Top of Exercise data

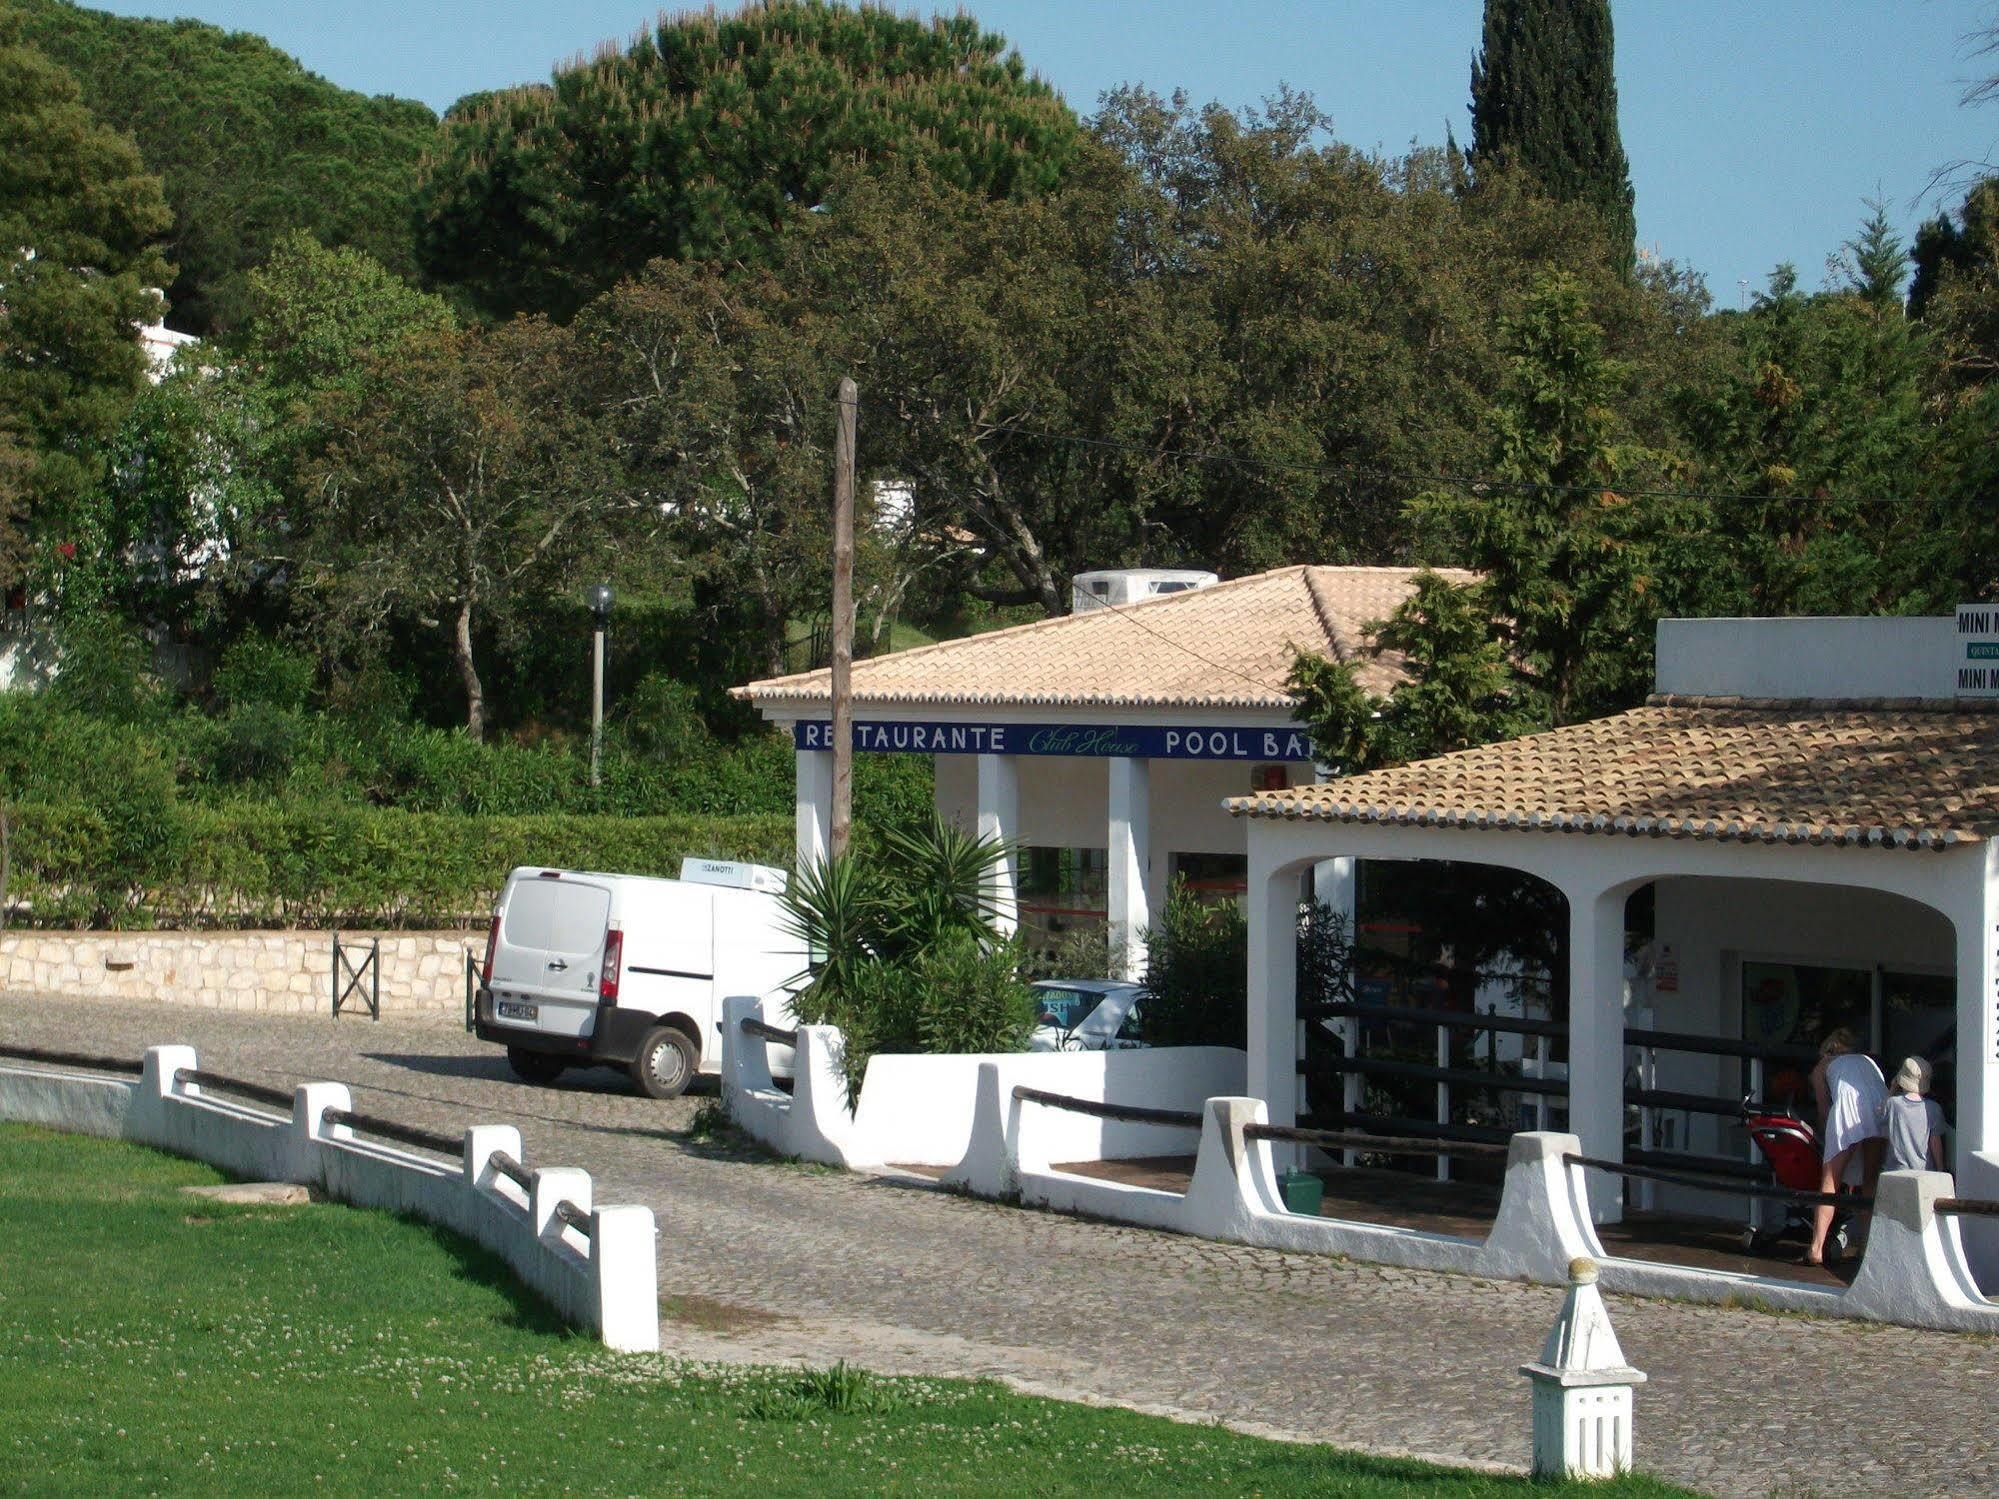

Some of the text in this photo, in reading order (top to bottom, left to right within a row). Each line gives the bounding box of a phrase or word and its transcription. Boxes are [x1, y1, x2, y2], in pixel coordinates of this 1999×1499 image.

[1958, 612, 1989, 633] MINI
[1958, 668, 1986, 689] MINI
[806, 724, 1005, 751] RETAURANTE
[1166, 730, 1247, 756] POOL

Bottom of Exercise data

### [What is being asked]
The data needs to be reproduced exactly, please, apart from its pictures.

### [The answer]
Some of the text in this photo, in reading order (top to bottom, left to right within a row). Each line gives the bounding box of a phrase or word and its transcription. Boxes are [x1, y1, x2, y2], in pixel coordinates of this 1999×1499 image.

[1958, 612, 1989, 633] MINI
[1958, 668, 1986, 689] MINI
[806, 724, 1005, 751] RETAURANTE
[1166, 730, 1247, 756] POOL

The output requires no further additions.